The VR Problem Is Real Too
It would be unfair to lay everything at Apple's feet. Several reviewers point out that VR and MR headsets in general face a fundamental adoption barrier — strapping something to your face, cutting yourself off from the room, not being able to casually glance at a partner or step away naturally. It's the same reason 3D TVs never took off. The Vision Pro doesn't solve this problem; it just wraps it in premium materials.
The dream many people actually want — lightweight AR glasses, Tony Stark holographic tables, something you can wear socially without looking like you're about to pilot a spacecraft — is still a long way off. Apple reportedly chose heavy passthrough VR over lightweight AR like the Xreal devices, and some in the community feel that was a significant strategic misstep for mass adoption.
Bottom Line
The Apple Vision Pro M5 is the most technically impressive headset you can buy, and also one of the hardest to recommend at its price. If you're a developer, a researcher, or someone with a very specific workflow that genuinely benefits from spatial computing, there's nothing like it. If you want entertainment, games, or something the whole family can share — buy a Quest 3 and spend the remaining $3,000 on literally anything else.
Apple needs to decide what this product is. Until they do, buying a Vision Pro means betting that they'll figure it out before your enthusiasm runs out.

Frequently Asked Questions
Q: Is the Apple Vision Pro worth $3,500?
A: For most people, no. The hardware is genuinely exceptional, but the app ecosystem is thin, major apps like YouTube and Netflix are absent, and the Meta Quest 3 handles many use cases better at a fraction of the price. It's worth it only if you have a very specific, productivity-driven use case that benefits from spatial computing.
Q: How does the Apple Vision Pro compare to the Meta Quest 3?
A: The Vision Pro wins on build quality, display fidelity, and eye-tracking precision. The Quest 3 wins on app availability, gaming, multi-user support, and value — by a wide margin. Real-world users, including families, consistently find the Quest 3 more practical and enjoyable for everyday use.

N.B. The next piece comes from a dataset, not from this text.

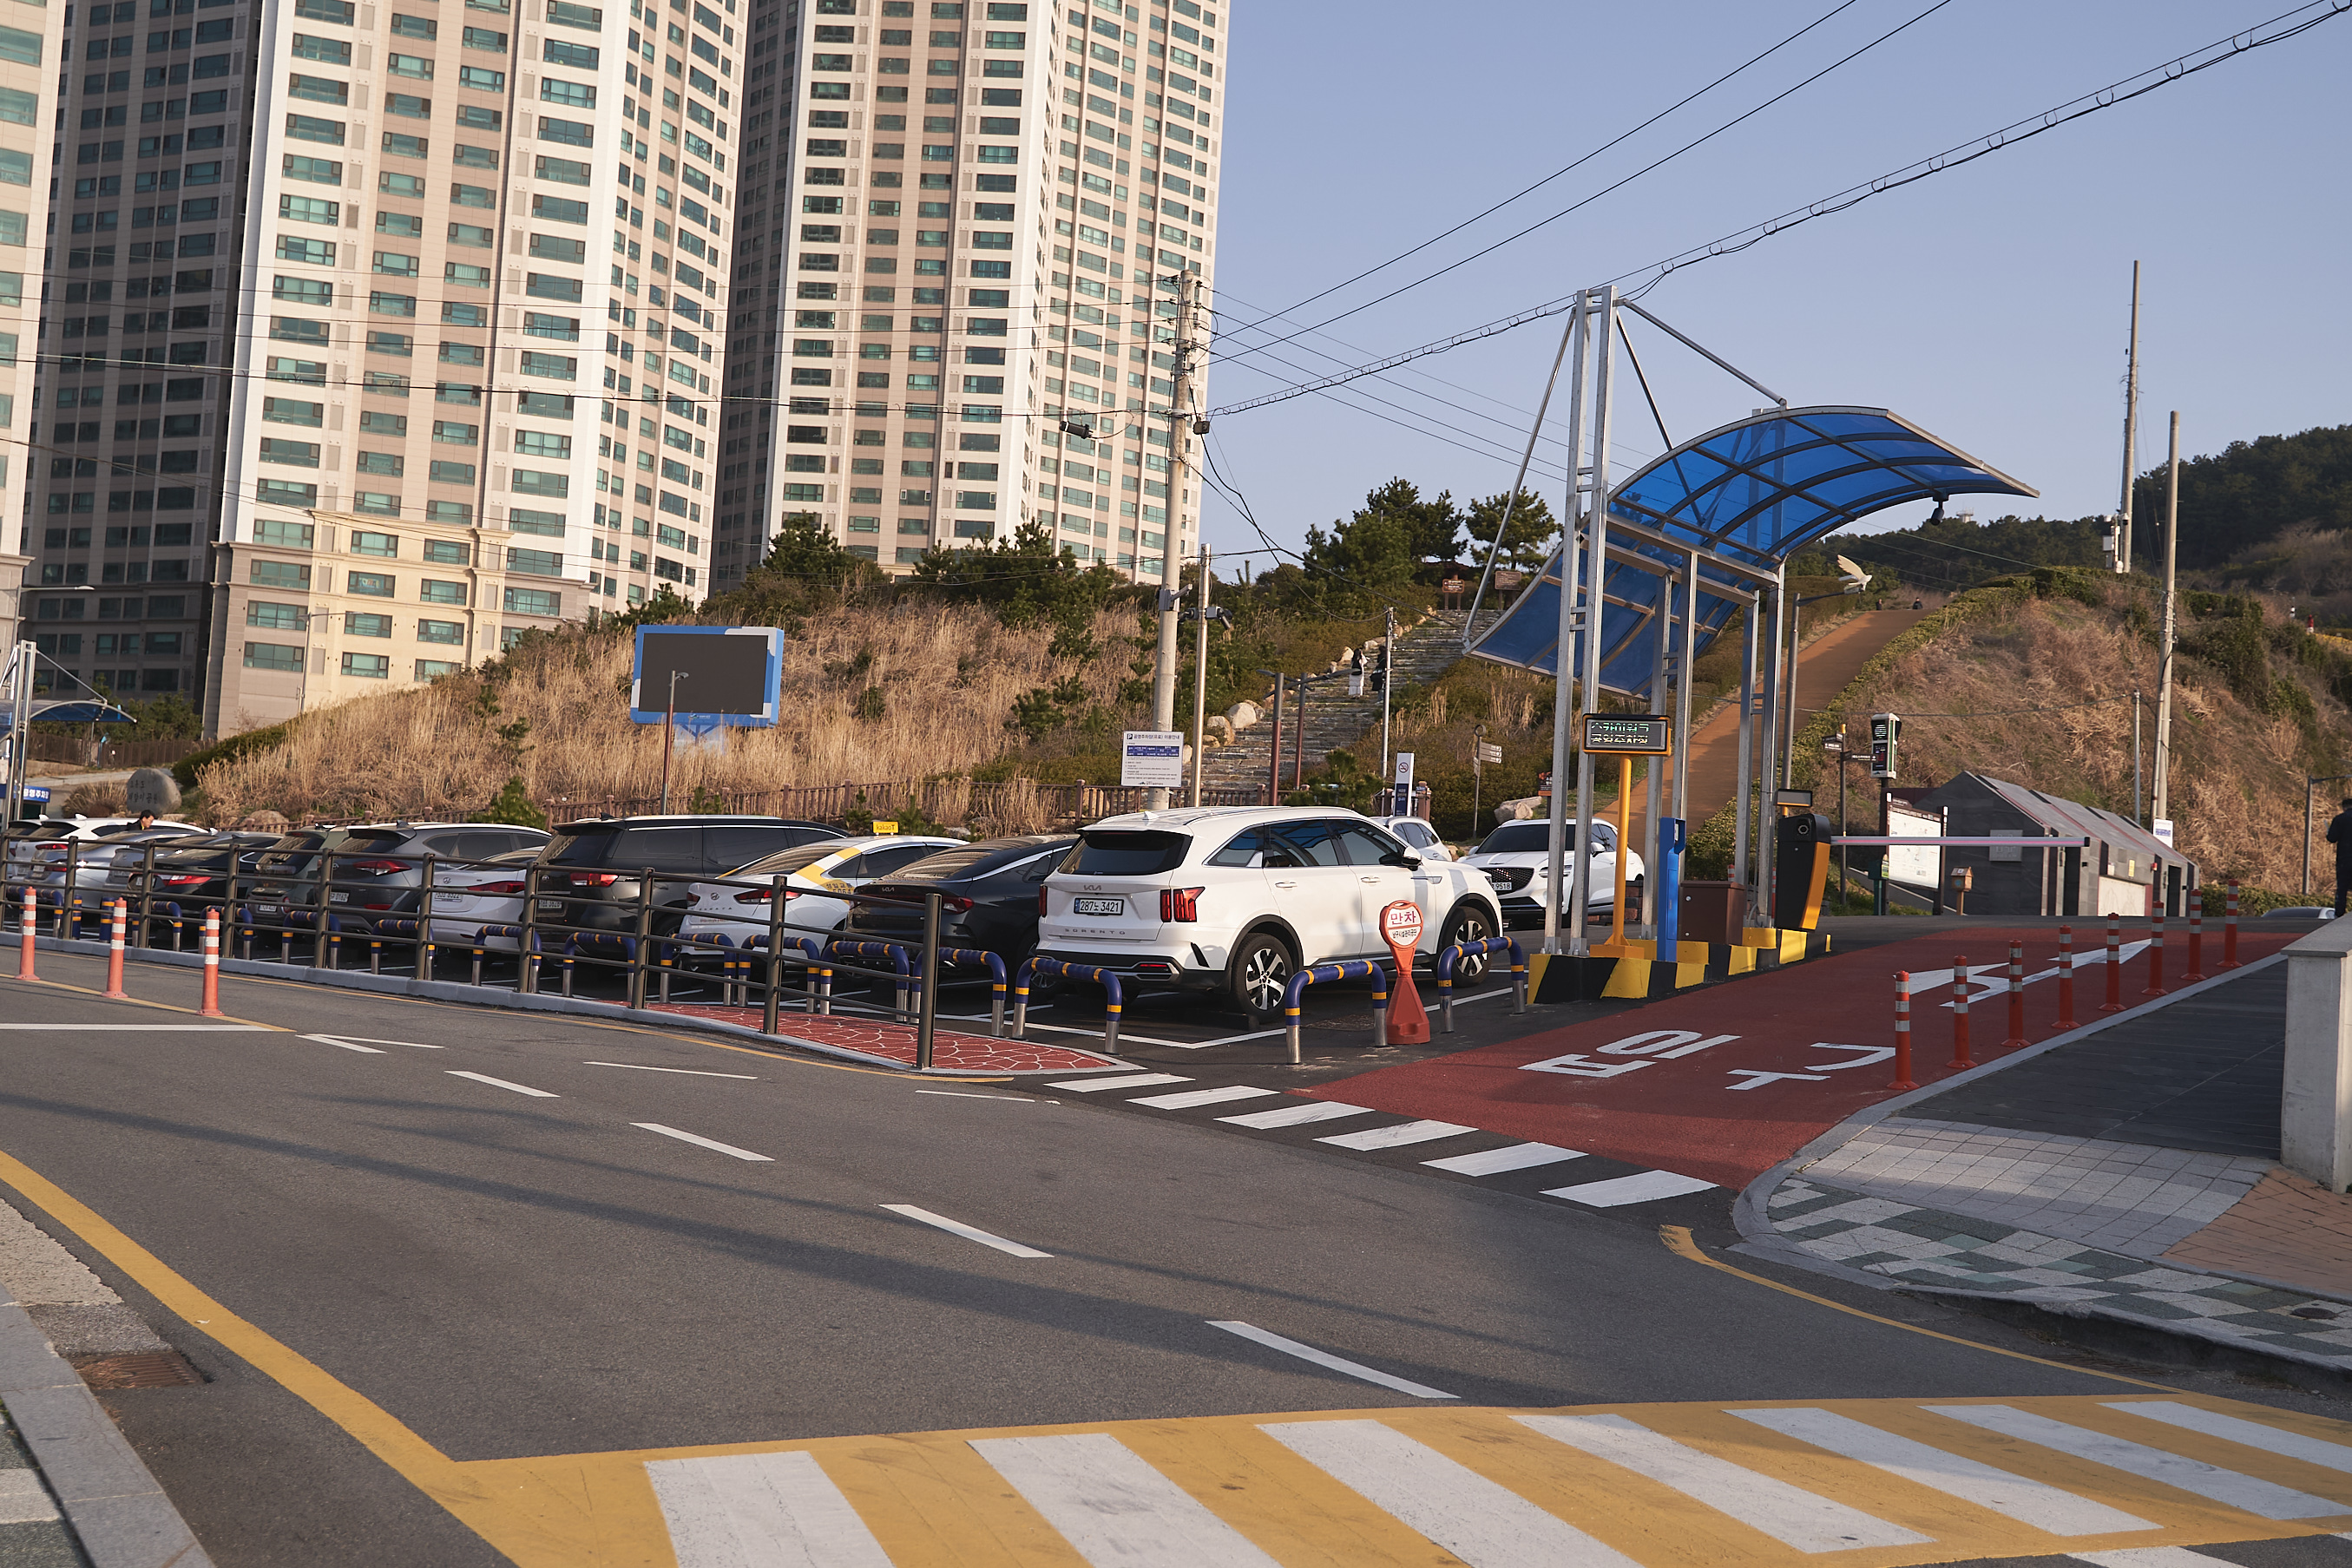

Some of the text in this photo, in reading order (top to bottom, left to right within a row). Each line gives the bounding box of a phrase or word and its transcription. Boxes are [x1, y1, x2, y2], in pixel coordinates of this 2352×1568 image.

[1080, 901, 1119, 912] 287노 3421
[1390, 910, 1416, 925] 만차

Q: Can multiple people share the Apple Vision Pro?
A: Poorly. Guest mode is widely criticized as underdeveloped. Switching between users requires recalibration, and the device is heavily tied to a single user's biometrics and account. This is a notable limitation for households or shared environments.
Q: What is the Apple Vision Pro M5 best used for?
A: Focused productivity work — virtual multi-monitor setups, distraction-free writing or coding environments, and immersive presentations. It has niche appeal for professionals who genuinely benefit from large floating workspaces, but is not suited to casual entertainment or gaming.
Q: Will Apple Vision Pro improve with future updates?
A: Potentially. The Apple Watch parallel is instructive — Apple eventually found its identity for that product and made it a success. But the Vision Pro needs major developer buy-in and possibly a more open app distribution model before it can fulfill its promise. That may or may not happen.